L'armée israélienne a indiqué pour sa part avoir interpellé et "transféré sur le territoire israélien pour y être interrogés", deux "suspects" qui "s'étaient approchés de la zone où les soldats israéliens mènent des opérations".

La municipalité de Kfar Chouba a annoncé qu'ils étaient revenus libres au village dans la soirée.
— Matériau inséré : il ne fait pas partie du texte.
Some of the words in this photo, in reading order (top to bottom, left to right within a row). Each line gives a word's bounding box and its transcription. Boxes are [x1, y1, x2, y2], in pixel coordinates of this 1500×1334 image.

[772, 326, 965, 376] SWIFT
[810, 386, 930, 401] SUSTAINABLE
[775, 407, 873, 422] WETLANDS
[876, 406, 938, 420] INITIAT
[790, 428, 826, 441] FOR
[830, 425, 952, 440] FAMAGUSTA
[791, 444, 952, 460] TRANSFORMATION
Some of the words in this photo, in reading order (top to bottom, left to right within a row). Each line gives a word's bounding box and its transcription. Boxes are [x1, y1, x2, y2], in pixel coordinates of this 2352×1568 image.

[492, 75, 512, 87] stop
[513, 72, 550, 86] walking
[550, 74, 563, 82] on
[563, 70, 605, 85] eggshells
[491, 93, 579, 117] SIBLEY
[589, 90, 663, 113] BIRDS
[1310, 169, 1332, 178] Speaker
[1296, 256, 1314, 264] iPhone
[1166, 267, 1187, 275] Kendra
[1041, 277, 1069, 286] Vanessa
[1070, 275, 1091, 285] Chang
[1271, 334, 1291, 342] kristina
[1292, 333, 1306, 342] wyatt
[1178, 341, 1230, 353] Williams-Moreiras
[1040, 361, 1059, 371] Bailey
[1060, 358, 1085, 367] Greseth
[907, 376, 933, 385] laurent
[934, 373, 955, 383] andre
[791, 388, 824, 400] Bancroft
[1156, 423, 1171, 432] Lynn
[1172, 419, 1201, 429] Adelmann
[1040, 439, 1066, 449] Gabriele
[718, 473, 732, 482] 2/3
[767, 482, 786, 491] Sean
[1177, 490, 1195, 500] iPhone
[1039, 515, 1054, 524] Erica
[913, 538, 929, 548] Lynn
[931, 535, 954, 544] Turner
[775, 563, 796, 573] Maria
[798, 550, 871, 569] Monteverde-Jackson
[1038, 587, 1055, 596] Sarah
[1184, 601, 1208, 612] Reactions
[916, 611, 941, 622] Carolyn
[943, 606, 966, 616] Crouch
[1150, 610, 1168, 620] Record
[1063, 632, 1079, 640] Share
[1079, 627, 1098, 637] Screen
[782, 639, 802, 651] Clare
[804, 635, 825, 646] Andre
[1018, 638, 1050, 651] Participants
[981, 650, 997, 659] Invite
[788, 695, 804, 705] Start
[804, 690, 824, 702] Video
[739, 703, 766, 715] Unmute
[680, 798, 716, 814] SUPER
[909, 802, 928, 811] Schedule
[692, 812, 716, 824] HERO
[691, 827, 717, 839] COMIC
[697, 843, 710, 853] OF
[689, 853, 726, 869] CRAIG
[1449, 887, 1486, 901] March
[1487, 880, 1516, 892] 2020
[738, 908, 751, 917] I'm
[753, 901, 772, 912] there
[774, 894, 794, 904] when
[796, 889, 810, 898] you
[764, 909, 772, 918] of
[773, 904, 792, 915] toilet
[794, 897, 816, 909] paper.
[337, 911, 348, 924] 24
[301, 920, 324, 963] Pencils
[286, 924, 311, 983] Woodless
Affirmant qu'ils "n'avaient aucune intention de s’approcher des forces israéliennes", elle a condamné un "acte hostile envers deux innocents qui accomplissaient une mission humanitaire".

Kfar Chouba est l'un des rares villages frontaliers dont les habitants sont restés malgré les ordres d'évacuation de l'armée israélienne, qui occupe désormais une partie du sud du pays.

Parmi ces villages figure une poignée de localités chrétiennes, dont les représentants ont appelé mardi soir l'État libanais à "ouvrir des couloirs humanitaires".

Le communiqué du "Rassemblement des villages chrétiens frontaliers" souligne que les routes les desservant sont désormais "coupées ou extrêmement dangereuses".

Depuis le début, le 2 mars, de la nouvelle guerre au Liban entre le Hezbollah et Israël, les frappes israéliennes ont fait 3.696 morts, selon le dernier bilan des autorités.

Le mouvement chiite a entraîné le Liban dans cette guerre régionale pour soutenir l'Iran, qui exige que tout accord de paix avec Washington inclut la fin des hostilités sur le front libanais.